Castro describes Rice as 'mad'

Transition group meeting prompts president's tirade

Agence France-Presse

HAVANA · Cuban President Fidel Castro on Friday called U.S. Secretary of State Condoleezza Rice "mad" after he earlier condemned the head of the U.S. diplomatic mission in Havana as a "little gangster."

The communist leader's latest tirade against the United States has been in response to Rice's meeting this week with a U.S. government commission intended to prepare for a democratic transition in Cuba after Castro.

"I am going to tell you what I think about this famous commission: They are a group of s---eaters who do not deserve the world's respect," Castro, 79, told the Cuban parliament.

"In this context, it does not matter if it was the mad woman who talks of transition -- It is a circus, they are completely depraved, they should be pitied," he said.

The attack followed Castro's comments on Thursday, when he called Michael Parmly, head of the U.S. Interests Section in Havana, a "little gangster" for criticizing the regime in a speech marking International Human Rights Day this month.

"The Cuban regime's hurling of angry and often violent groups against pro-democratic dissidents is particularly disgusting," Parmly said, adding that such actions were similar to the Nazis.

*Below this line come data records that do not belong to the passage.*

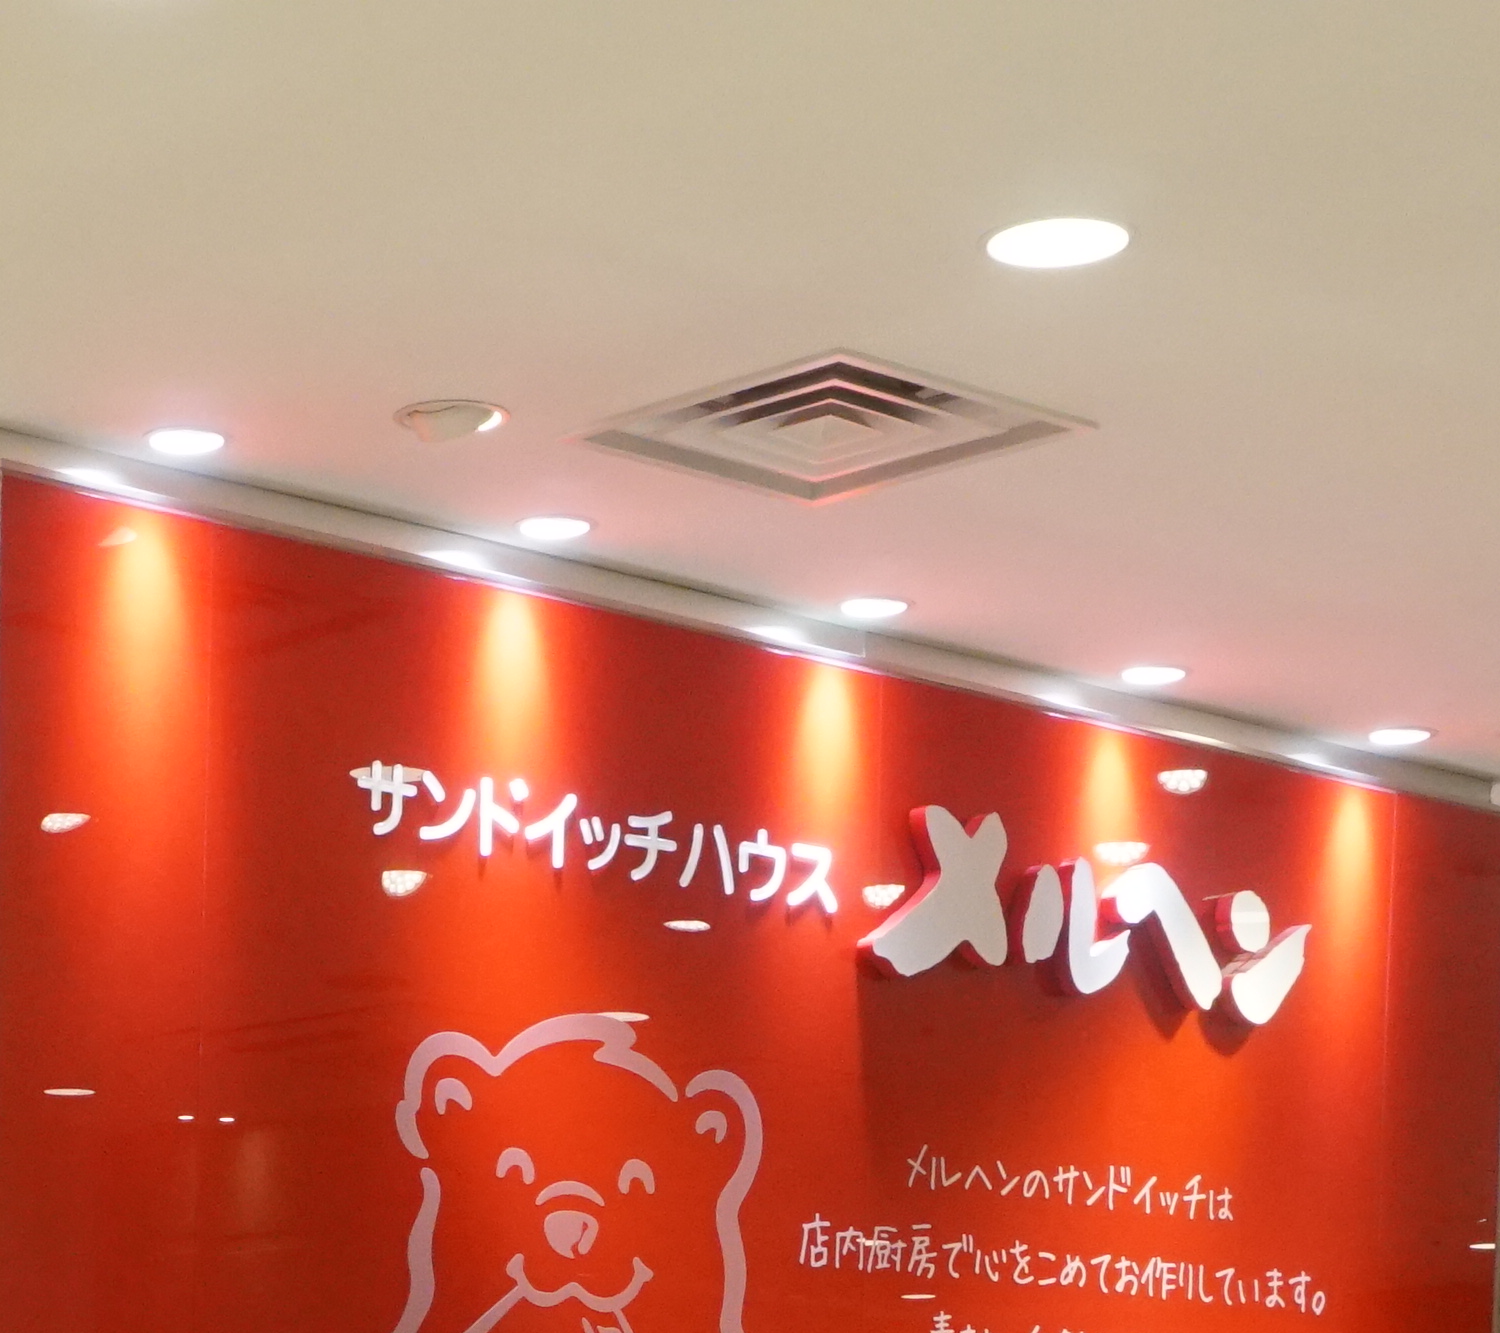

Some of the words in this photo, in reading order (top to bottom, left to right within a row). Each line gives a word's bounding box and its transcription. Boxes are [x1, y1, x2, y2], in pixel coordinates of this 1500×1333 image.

[355, 758, 838, 914] サンドイッチハウス
[855, 804, 1311, 1027] メルヘン
[906, 1144, 1233, 1222] メルヘンのサンドイッチは
[799, 1212, 1326, 1316] 店内厨房で心をこめてお作りしています。
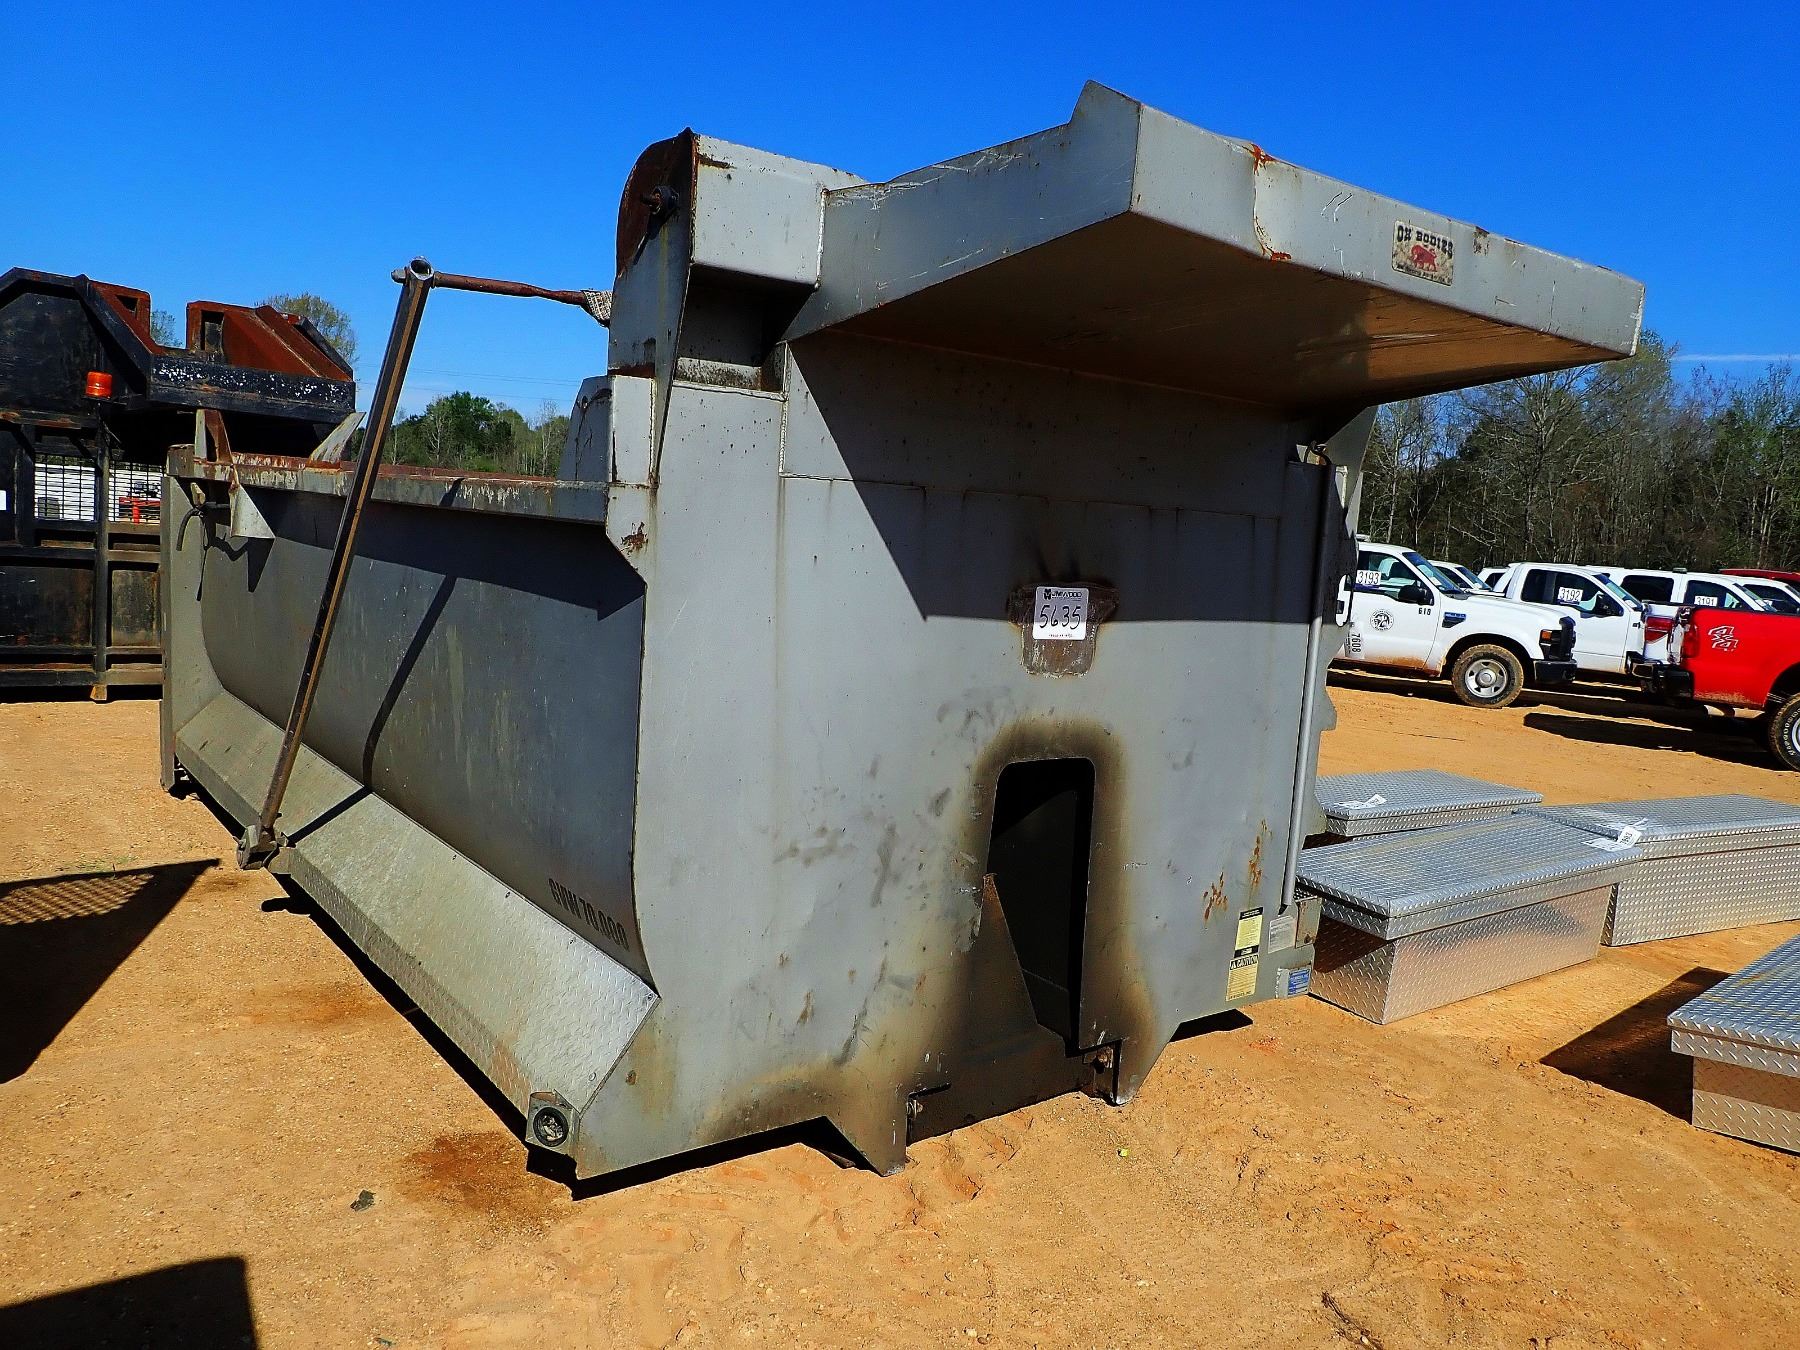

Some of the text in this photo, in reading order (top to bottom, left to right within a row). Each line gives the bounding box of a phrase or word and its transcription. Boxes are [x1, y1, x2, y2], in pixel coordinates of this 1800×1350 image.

[1397, 225, 1454, 259] OX BODIES
[1357, 571, 1380, 585] 3193
[1559, 588, 1581, 601] 3192
[1039, 604, 1082, 630] 5635
[1351, 633, 1362, 653] 7608
[548, 878, 582, 919] GVW
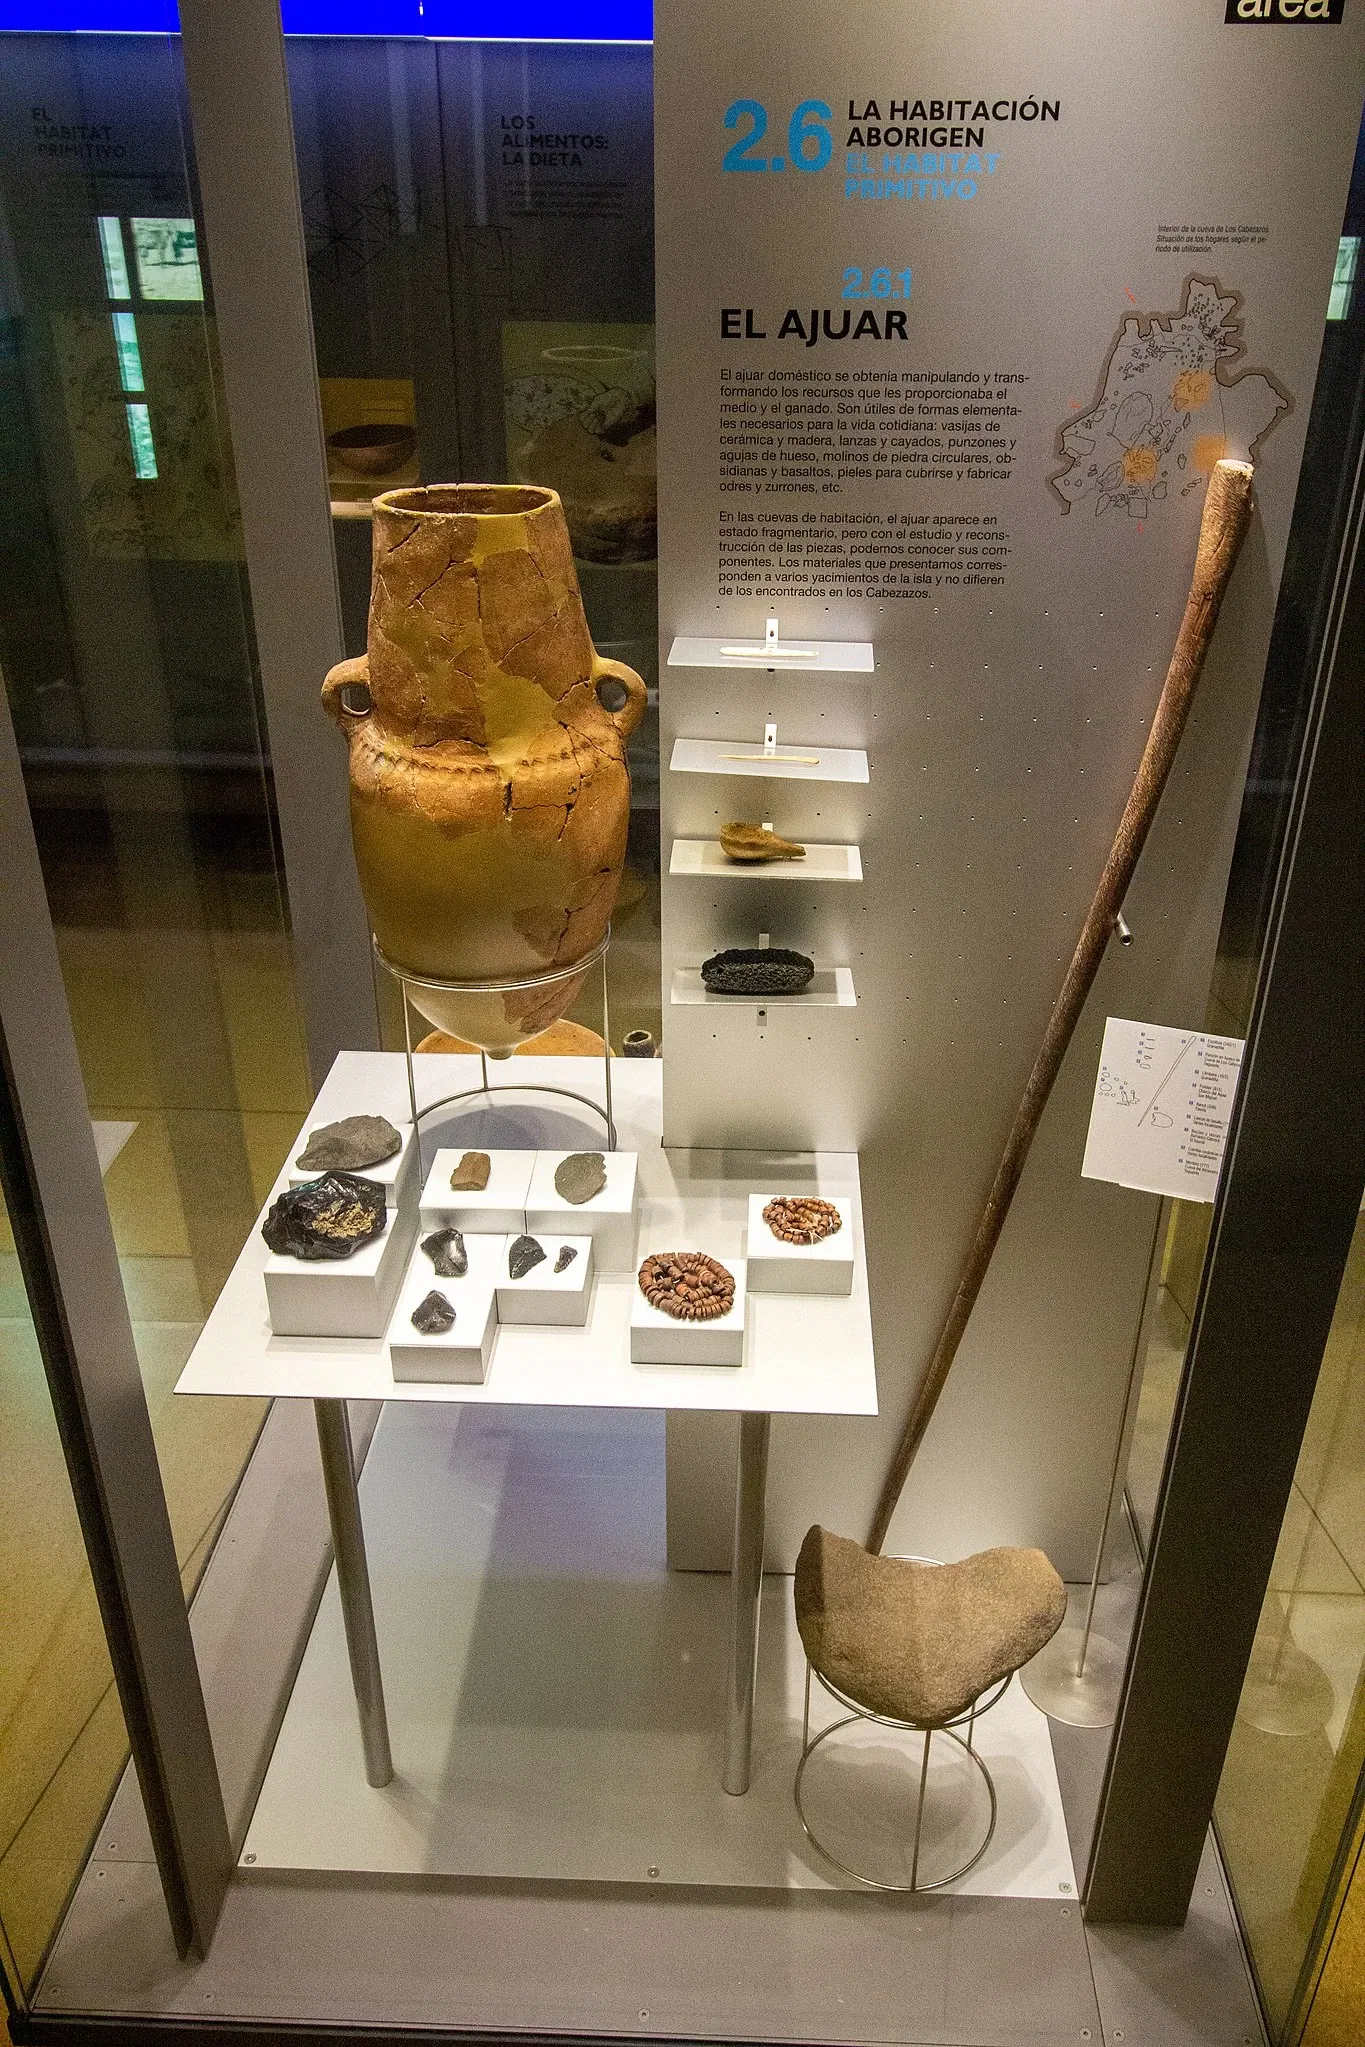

He condemned Castro's "outrageous crimes," pointing out that one out of every five imprisoned journalists in the world is in Cuba.

Castro said during another speech to the rubber-stamp National Assembly that he did not know who was worse -- "that little gangster," referring to Parmly, or "the previous gangster" -- Parmly's predecessor, James Cason, who Castro earlier had described as a "bully."

Castro said he at first thought Parmly was a "respectful" diplomat but his opinion changed when he heard the human rights speech.

Earlier this week, a moderator on a state television roundtable condemned "the cynical and provocative activities" of the two U.S. diplomats.

"They took Corporal Cason and left us Sergeant Parmly," the program moderator said.

The United States and Cuba broke off diplomatic relations in January 1961. The U.S. Interests Section opened on Sept. 1, 1977, re-occupying the seven-story former U.S. Embassy building.